Provided entries:
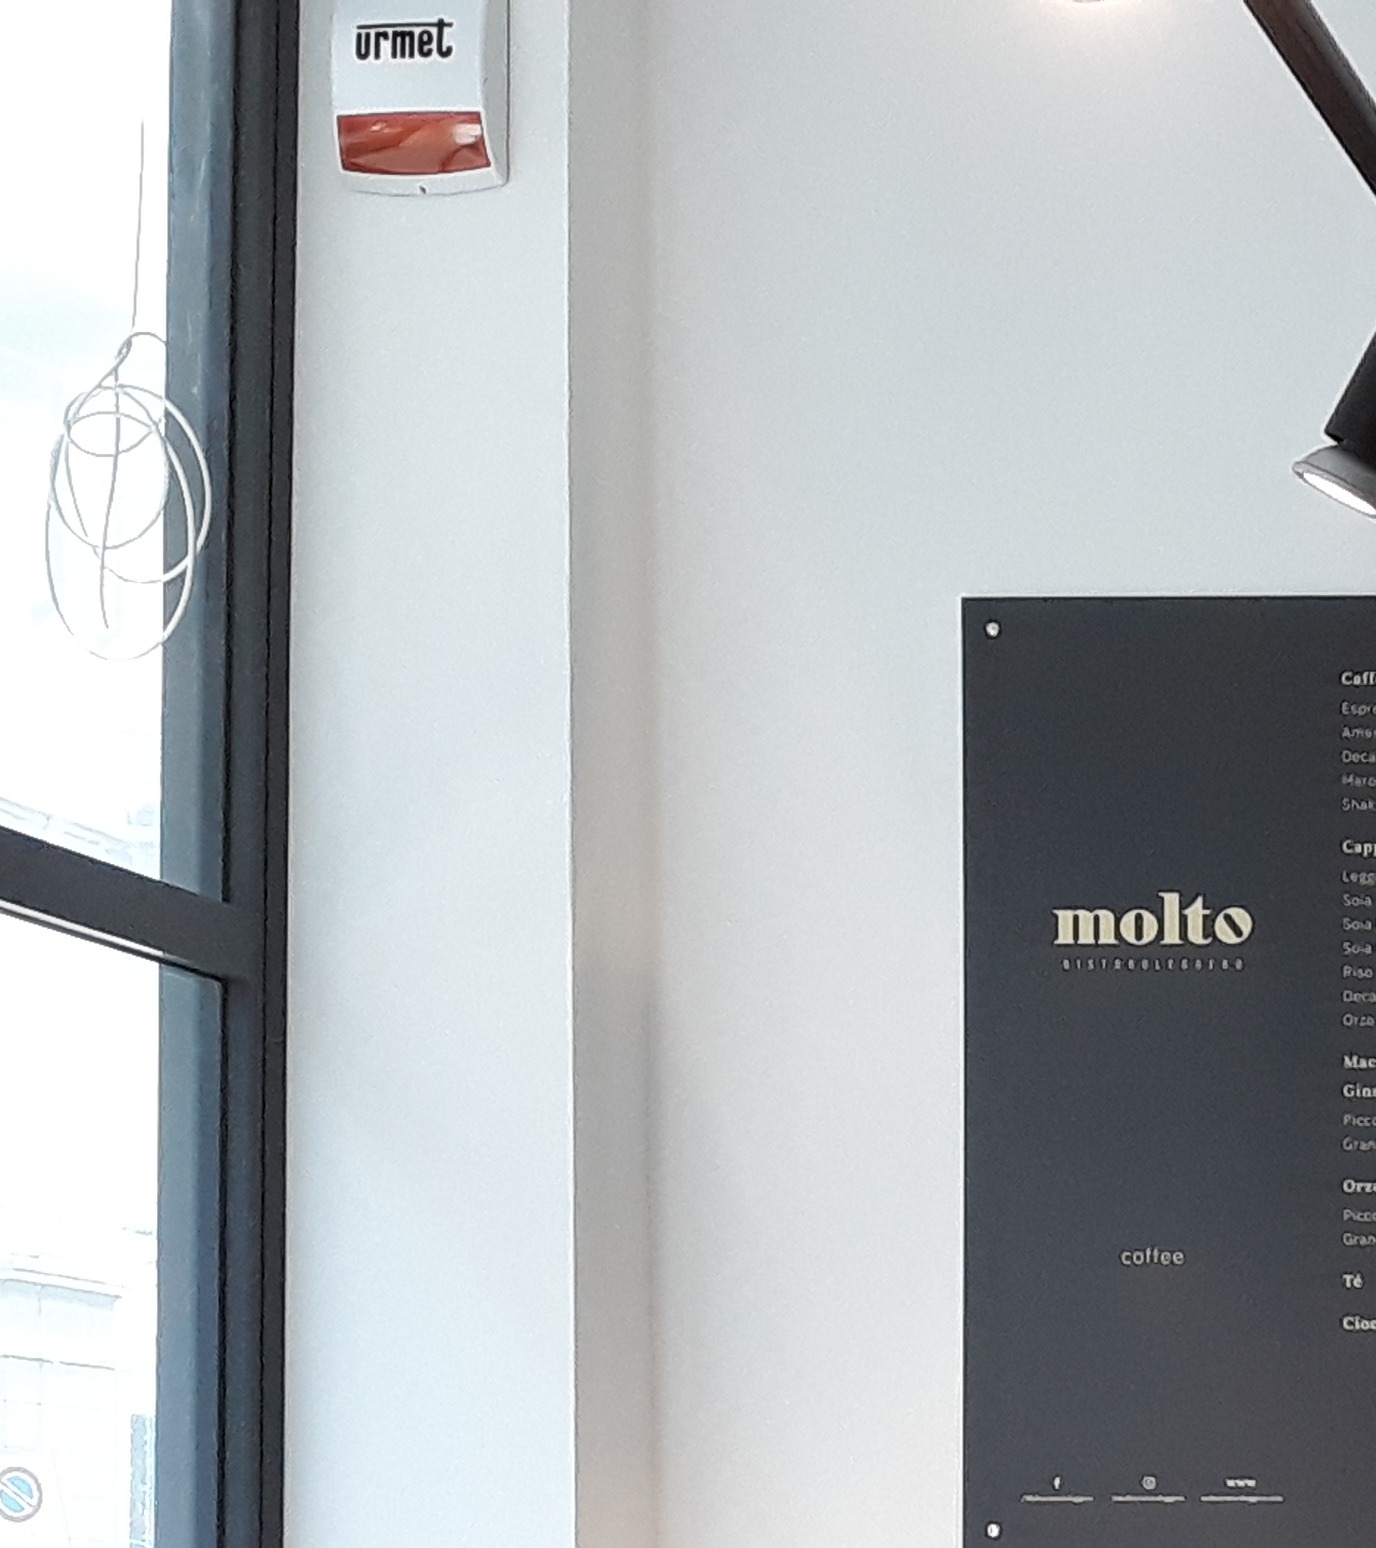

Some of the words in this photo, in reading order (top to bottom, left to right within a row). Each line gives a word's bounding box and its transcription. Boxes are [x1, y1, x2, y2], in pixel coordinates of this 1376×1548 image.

[355, 18, 454, 60] urmet
[1053, 893, 1252, 945] molto
[1121, 1247, 1184, 1265] coffee
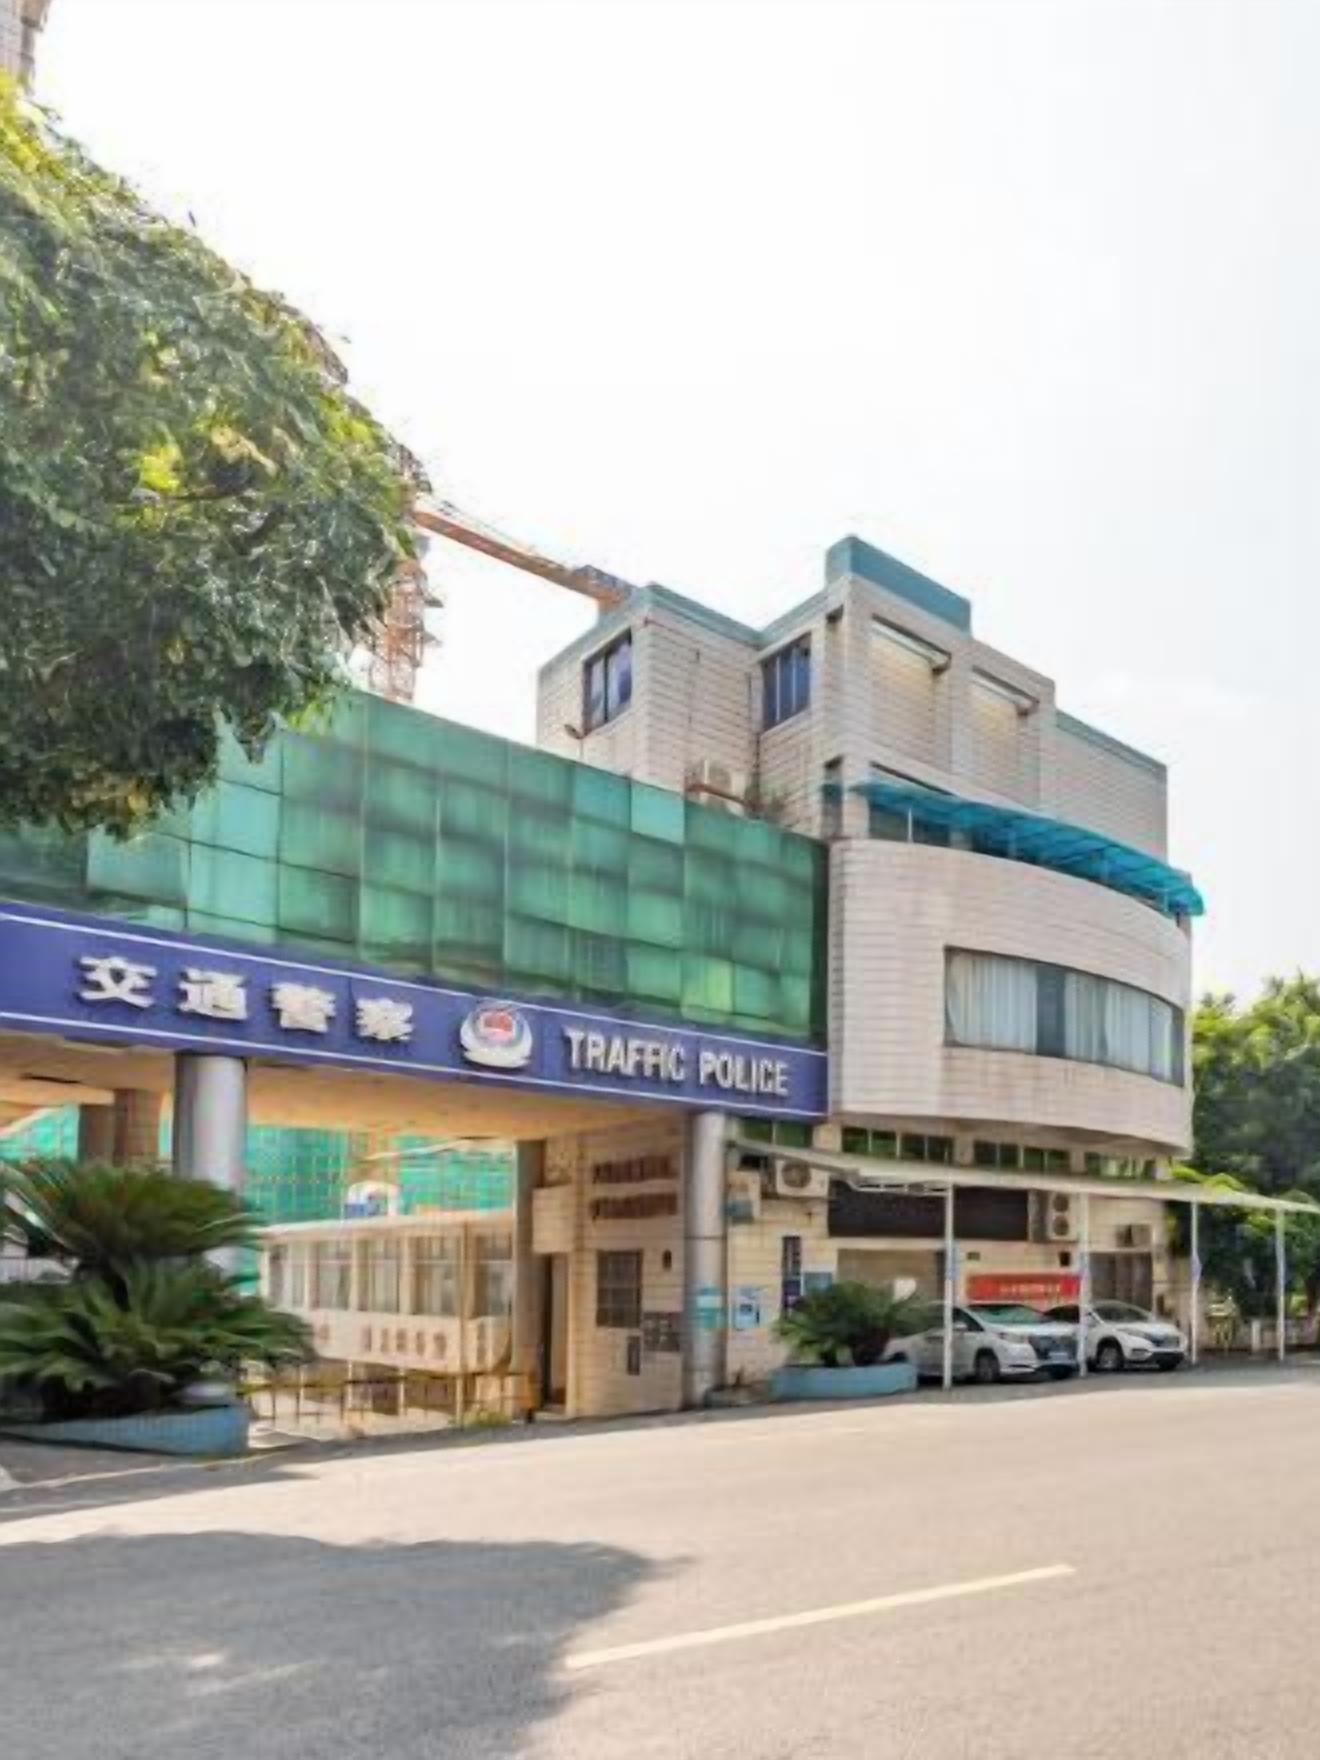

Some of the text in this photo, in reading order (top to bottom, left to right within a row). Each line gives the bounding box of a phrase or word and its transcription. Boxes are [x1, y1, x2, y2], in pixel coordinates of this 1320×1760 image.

Problem:
If a line holds an image, leave the image out; retype everything else in the entries exactly.

Result for this exercise:
Some of the words in this photo, in reading order (top to bottom, left to right within a row). Each line gives a word's bounding box and its transcription. Boxes are [x1, y1, x2, y2], in pixel coordinates of this 1376×1548 image.

[355, 18, 454, 60] urmet
[1053, 893, 1252, 945] molto
[1121, 1247, 1184, 1265] coffee

Some of the text in this photo, in reading order (top to bottom, left to right within a row). Each line gives the bounding box of a phrase or word and its transcription. Boxes are [x1, y1, x2, y2], in pixel coordinates of this 1320×1760 image.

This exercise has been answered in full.